▸ Instructions to follow
Keep the pictures out and restate every record exactly.

▸ Extracted records
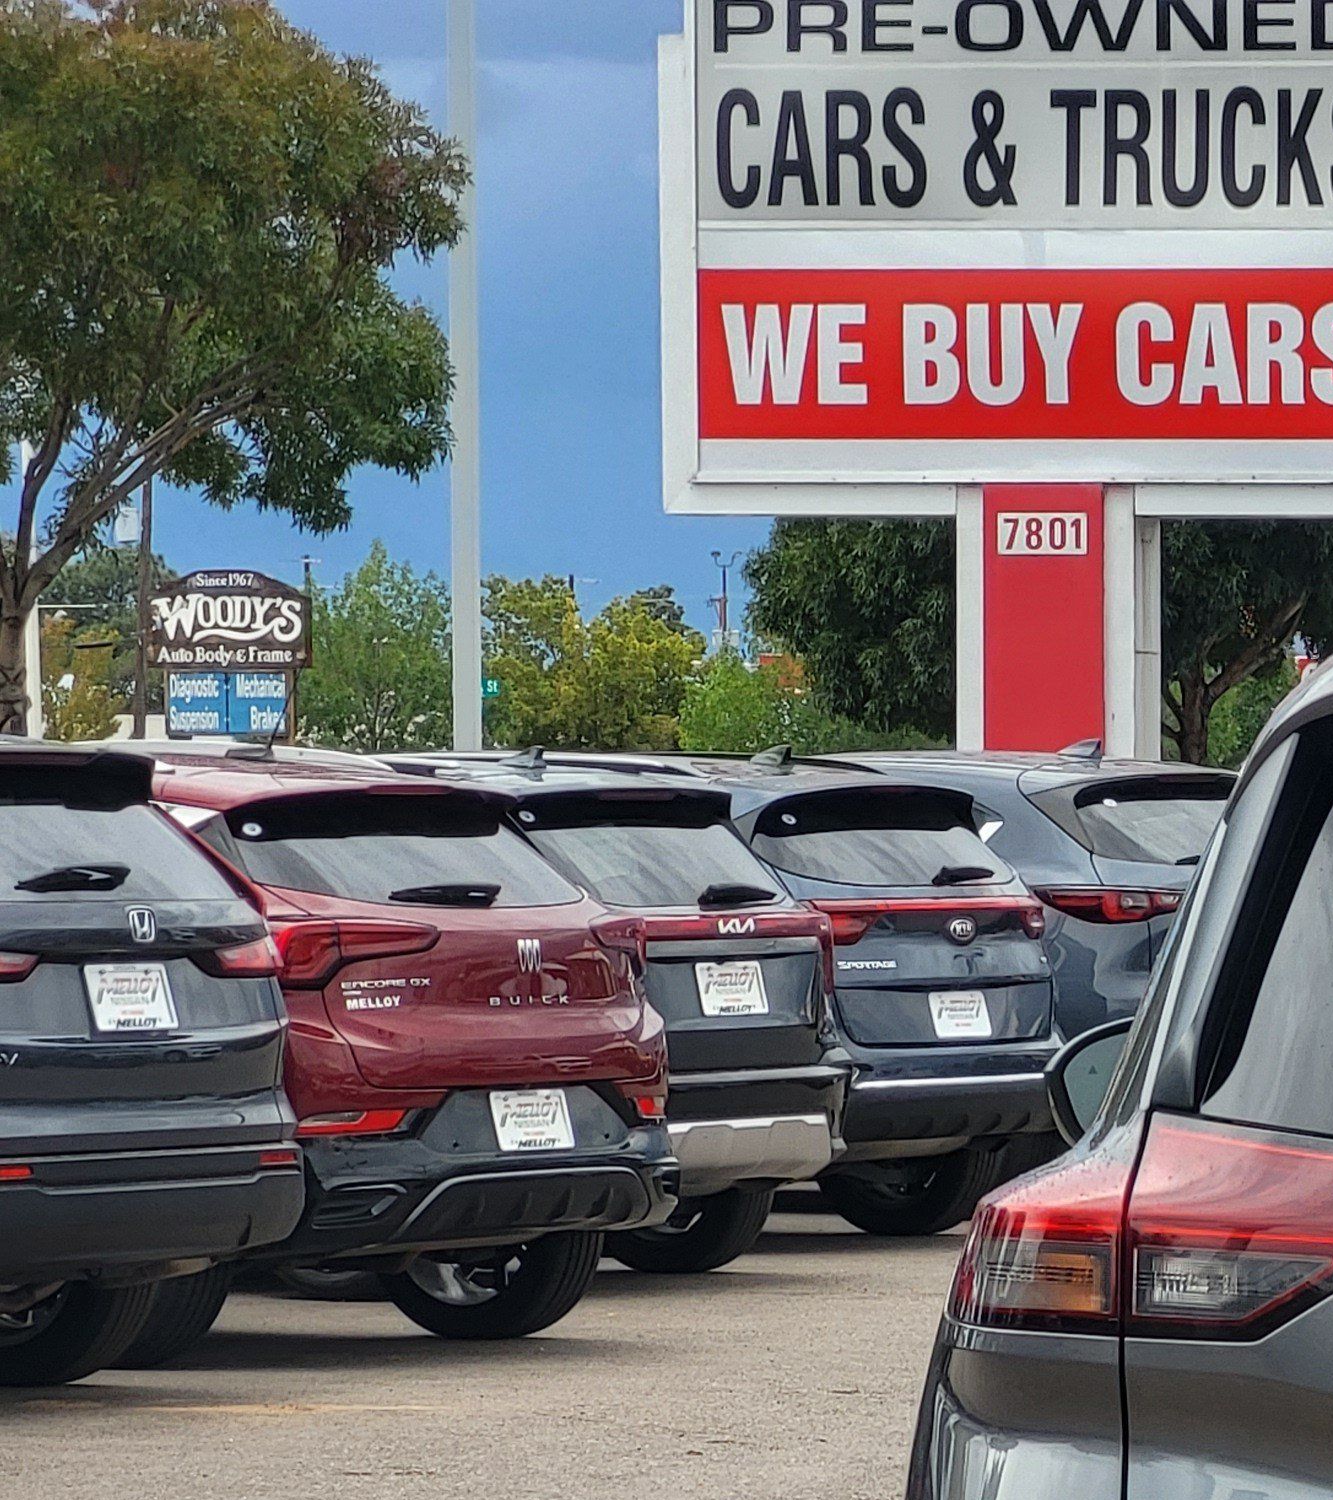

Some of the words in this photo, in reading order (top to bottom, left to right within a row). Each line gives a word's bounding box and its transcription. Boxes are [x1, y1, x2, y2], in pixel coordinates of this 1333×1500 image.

[715, 86, 927, 209] CARS
[962, 89, 1018, 208] &
[721, 303, 868, 406] WE
[903, 302, 1084, 407] BUY
[1003, 518, 1087, 552] 7801
[196, 573, 227, 587] Since
[228, 573, 254, 587] 1967
[150, 593, 302, 643] WOODY'S
[157, 646, 194, 663] Auto
[194, 645, 234, 667] Body
[235, 647, 247, 663] &
[248, 646, 293, 662] Frame
[169, 674, 219, 703] Diagnostic
[236, 674, 286, 698] Mechanical
[169, 706, 219, 731] Suspension
[250, 705, 286, 730] Brakes
[340, 978, 406, 990] ENCORE
[410, 977, 432, 987] GX
[346, 995, 401, 1011] MELLOY
[489, 995, 570, 1006] BUICK
[116, 1017, 157, 1029] MELLOY

▸ Response for this exercise
Some of the words in this photo, in reading order (top to bottom, left to right within a row). Each line gives a word's bounding box and its transcription. Boxes are [x1, y1, x2, y2], in pixel coordinates of this 1333×1500 image.

[715, 86, 927, 209] CARS
[962, 89, 1018, 208] &
[721, 303, 868, 406] WE
[903, 302, 1084, 407] BUY
[1003, 518, 1087, 552] 7801
[196, 573, 227, 587] Since
[228, 573, 254, 587] 1967
[150, 593, 302, 643] WOODY'S
[157, 646, 194, 663] Auto
[194, 645, 234, 667] Body
[235, 647, 247, 663] &
[248, 646, 293, 662] Frame
[169, 674, 219, 703] Diagnostic
[236, 674, 286, 698] Mechanical
[169, 706, 219, 731] Suspension
[250, 705, 286, 730] Brakes
[340, 978, 406, 990] ENCORE
[410, 977, 432, 987] GX
[346, 995, 401, 1011] MELLOY
[489, 995, 570, 1006] BUICK
[116, 1017, 157, 1029] MELLOY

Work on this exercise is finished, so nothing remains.